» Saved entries
◇ ◇ ◇ ◇ ◇ ◇ ◇

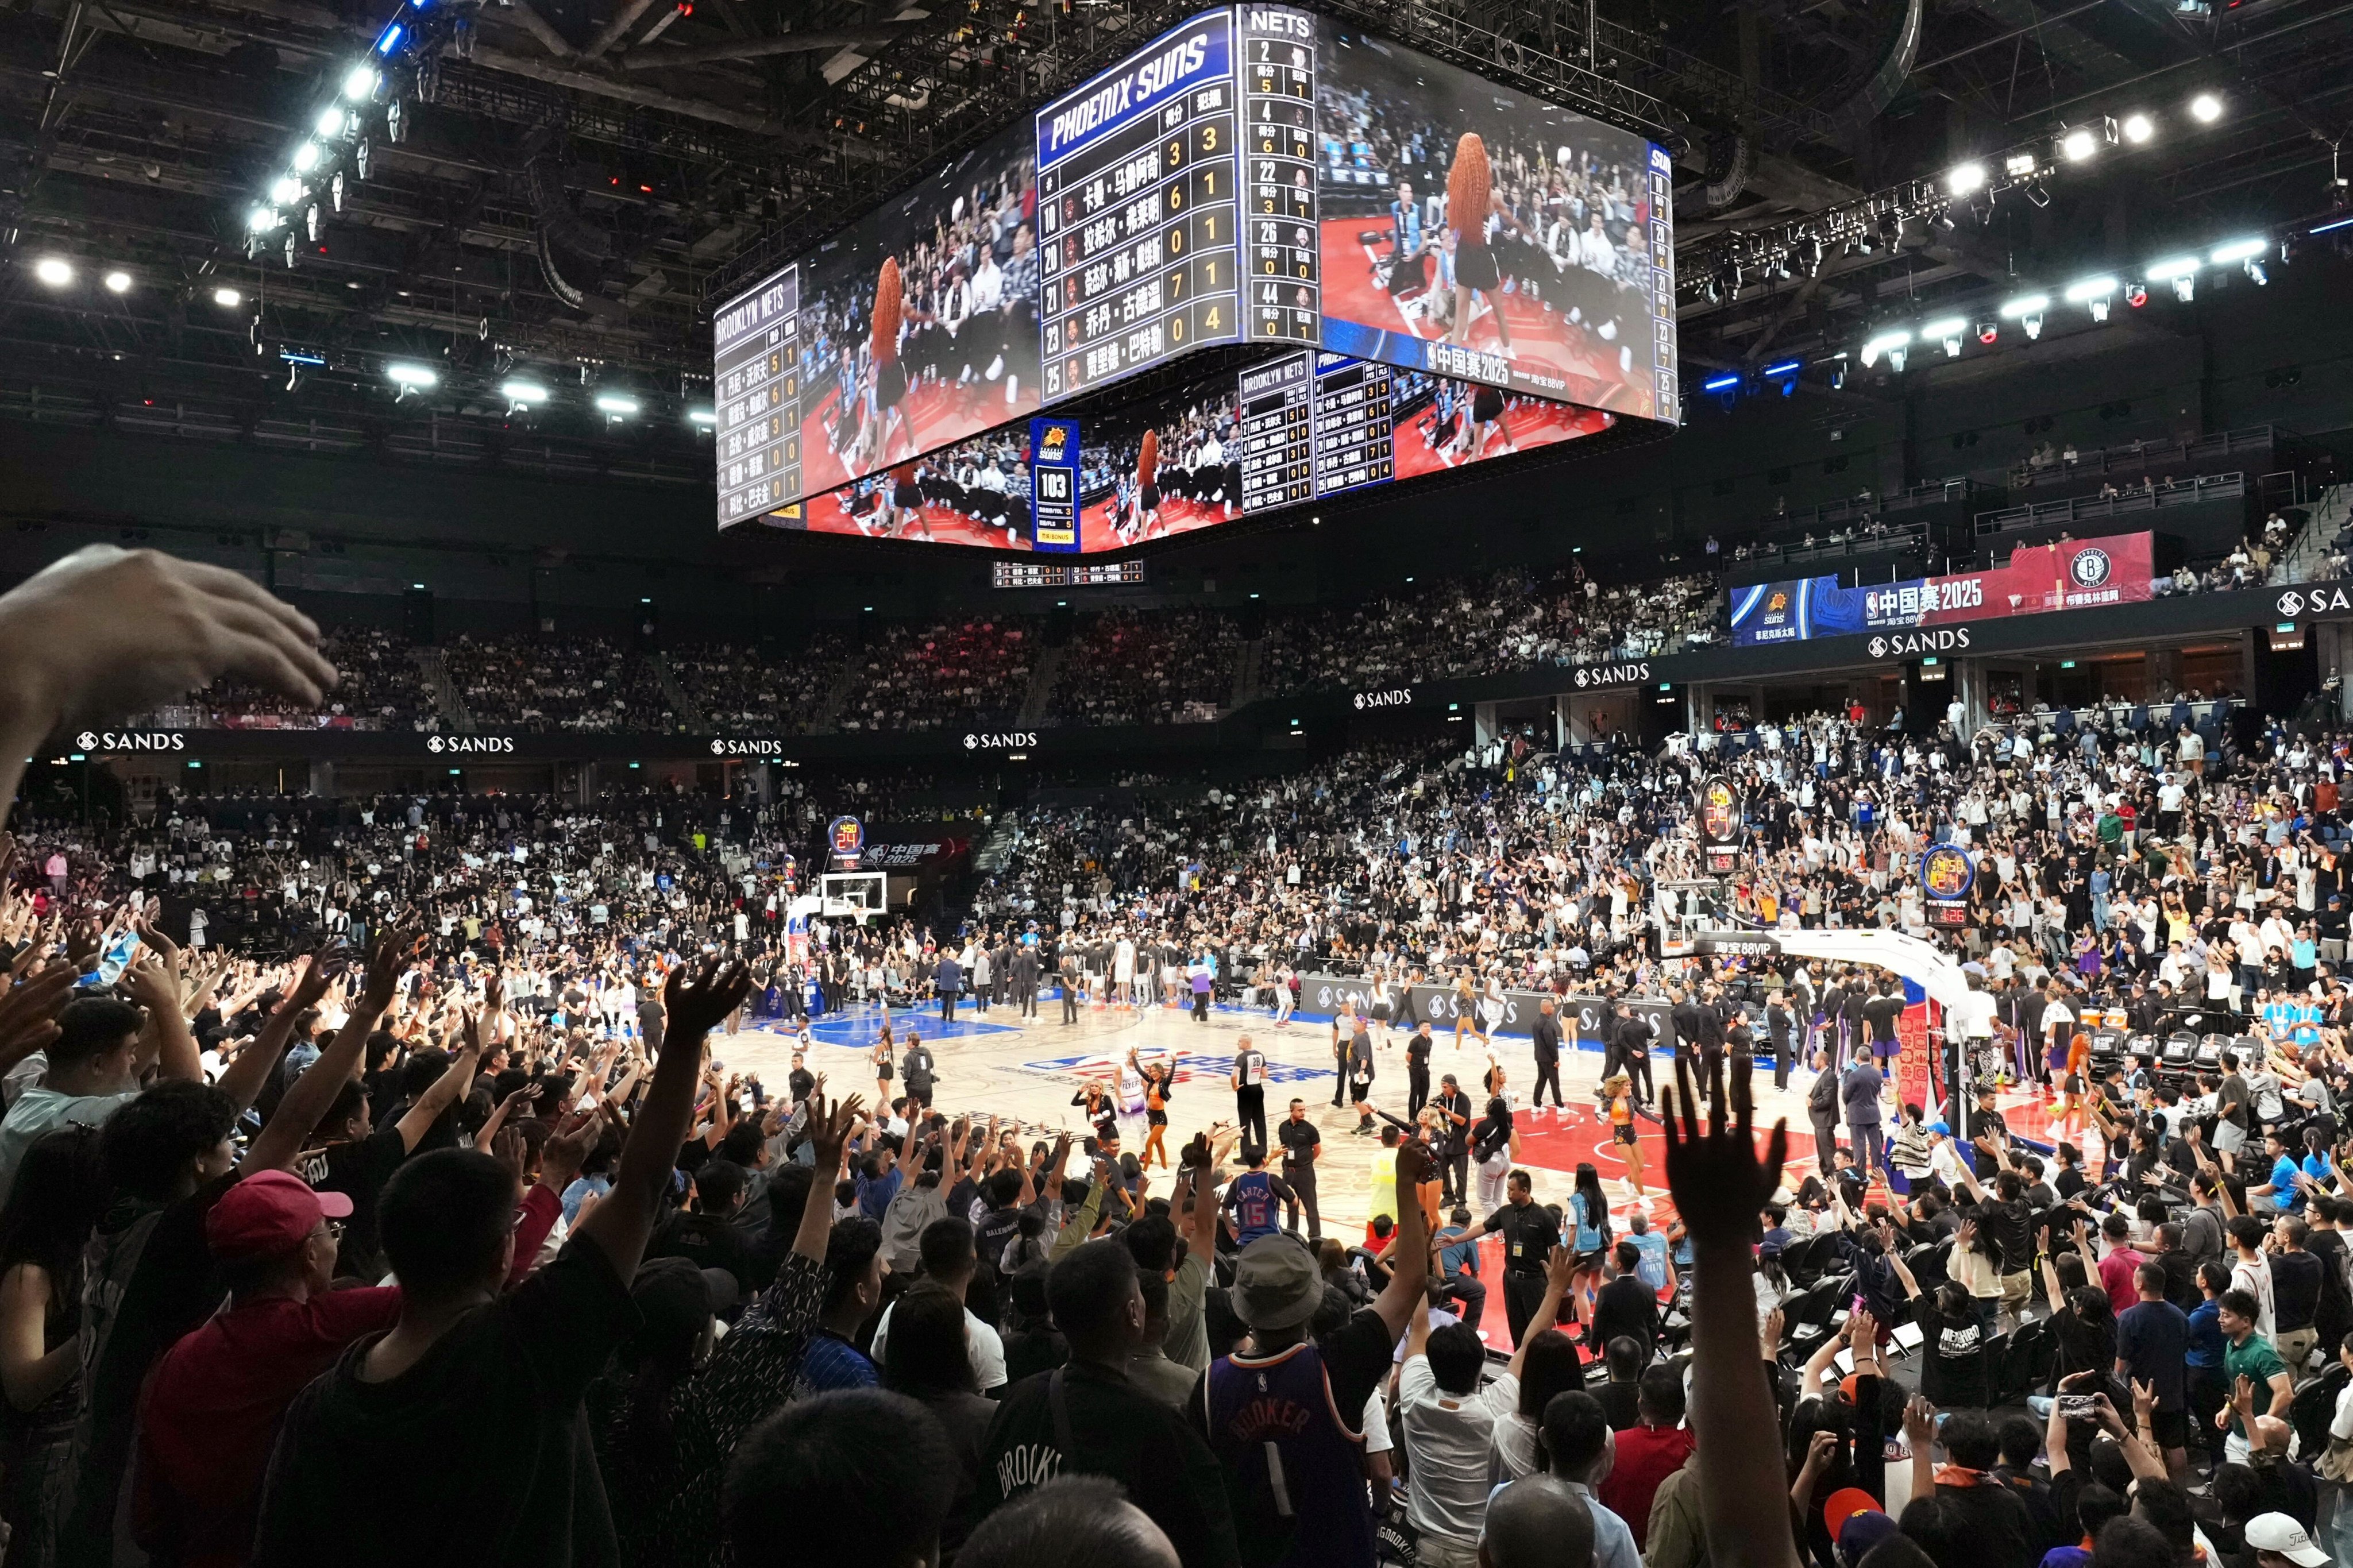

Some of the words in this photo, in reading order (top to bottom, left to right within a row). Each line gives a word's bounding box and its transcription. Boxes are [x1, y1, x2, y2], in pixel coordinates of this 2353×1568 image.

[1251, 11, 1310, 38] NETS
[1261, 41, 1270, 62] 2
[1257, 65, 1275, 78] 得分
[1292, 66, 1307, 82] 犯规
[1051, 76, 1132, 151] PHOENIX
[1136, 33, 1208, 103] SUNS
[1262, 79, 1271, 92] 5
[1297, 84, 1303, 98] 1
[1165, 104, 1184, 129] 得分
[1197, 88, 1222, 110] 犯规
[1262, 101, 1271, 122] 4
[1259, 126, 1276, 137] 得分
[1263, 139, 1272, 153] 6
[1297, 144, 1305, 158] 0
[1044, 204, 1056, 231] 10
[1169, 142, 1181, 166] 3
[1202, 126, 1217, 152] 3
[1260, 161, 1276, 183] 22
[1046, 177, 1053, 192] #
[1260, 186, 1277, 198] 得分
[1264, 200, 1273, 214] 3
[1299, 204, 1305, 218] 1
[1657, 207, 1663, 219] 3
[1044, 244, 1058, 272] 20
[1170, 186, 1181, 208] 6
[1203, 172, 1215, 195] 1
[1261, 222, 1277, 244] 26
[1261, 248, 1279, 260] 得分
[1659, 257, 1665, 268] 6
[1046, 284, 1057, 312] 21
[1171, 229, 1182, 254] 0
[1204, 217, 1216, 240] 1
[1265, 261, 1275, 275] 0
[1299, 265, 1307, 279] 0
[1658, 274, 1665, 292] 21
[1262, 283, 1278, 305] 44
[716, 299, 758, 345] BROOKLYN
[761, 283, 784, 319] NETS
[1046, 323, 1060, 352] 23
[1171, 273, 1183, 299] 7
[1205, 262, 1217, 286] 1
[1262, 308, 1279, 320] 得分
[1661, 306, 1667, 318] 0
[1266, 322, 1276, 336] 0
[1301, 326, 1307, 339] 1
[1660, 323, 1668, 342] 23
[1047, 365, 1060, 393] 25
[1172, 318, 1183, 342] 0
[1205, 306, 1220, 330] 4
[772, 355, 778, 372] 5
[787, 347, 792, 364] 1
[1662, 356, 1668, 367] 7
[1244, 369, 1281, 394] BROOKLYN
[1284, 360, 1303, 380] NETS
[1661, 373, 1670, 392] 25
[772, 387, 778, 403] 6
[788, 378, 794, 396] 0
[1368, 387, 1374, 396] 3
[1380, 383, 1386, 392] 3
[1290, 411, 1295, 420] 5
[1301, 407, 1306, 417] 1
[1369, 407, 1374, 416] 6
[1382, 403, 1386, 413] 1
[1664, 405, 1669, 417] 0
[773, 418, 779, 434] 3
[788, 411, 793, 427] 1
[1370, 427, 1375, 437] 0
[1382, 423, 1387, 433] 1
[1290, 430, 1295, 440] 6
[1301, 427, 1306, 437] 0
[773, 449, 780, 466] 0
[789, 442, 795, 459] 0
[1243, 461, 1249, 472] 22
[1291, 449, 1295, 459] 3
[1302, 446, 1307, 456] 1
[1370, 447, 1375, 457] 7
[1383, 444, 1387, 454] 1
[1291, 469, 1297, 478] 0
[1302, 465, 1307, 475] 0
[1371, 468, 1376, 477] 0
[1383, 464, 1389, 474] 4
[774, 480, 780, 497] 0
[789, 474, 794, 491] 1
[1042, 473, 1066, 499] 103
[1292, 488, 1297, 497] 0
[1303, 485, 1308, 495] 1
[2075, 550, 2105, 563] BROOKLYN
[2086, 559, 2095, 578] B
[2066, 589, 2119, 606] 布鲁克林篮网
[1887, 613, 1926, 626] 淘宝88VIP
[1756, 627, 1795, 640] 菲尼克斯太阳
[1891, 628, 1970, 654] SANDS
[1591, 663, 1649, 685] SANDS
[1367, 689, 1411, 708] SANDS
[103, 732, 184, 751] SANDS
[448, 736, 514, 752] SANDS
[727, 740, 782, 754] SANDS
[981, 732, 1037, 748] SANDS
[840, 824, 857, 833] 4:50
[1706, 806, 1729, 833] 24
[837, 833, 855, 849] 24
[890, 843, 942, 855] 中国赛
[884, 855, 919, 863] 2025
[1937, 874, 1959, 891] 24
[1943, 909, 1965, 922] 1:26
[1714, 942, 1770, 955] 淘宝88VIP
[1236, 1186, 1270, 1203] CARTER
[1243, 1202, 1267, 1227] 15
[1263, 1441, 1293, 1516] 1

◇ ◇ ◇ ◇ ◇ ◇ ◇

» Problem to work on
Lines holding the word "NETS" are the answer; copy each one from the records above.

» Answer box
[1251, 11, 1310, 38] NETS
[761, 283, 784, 319] NETS
[1284, 360, 1303, 380] NETS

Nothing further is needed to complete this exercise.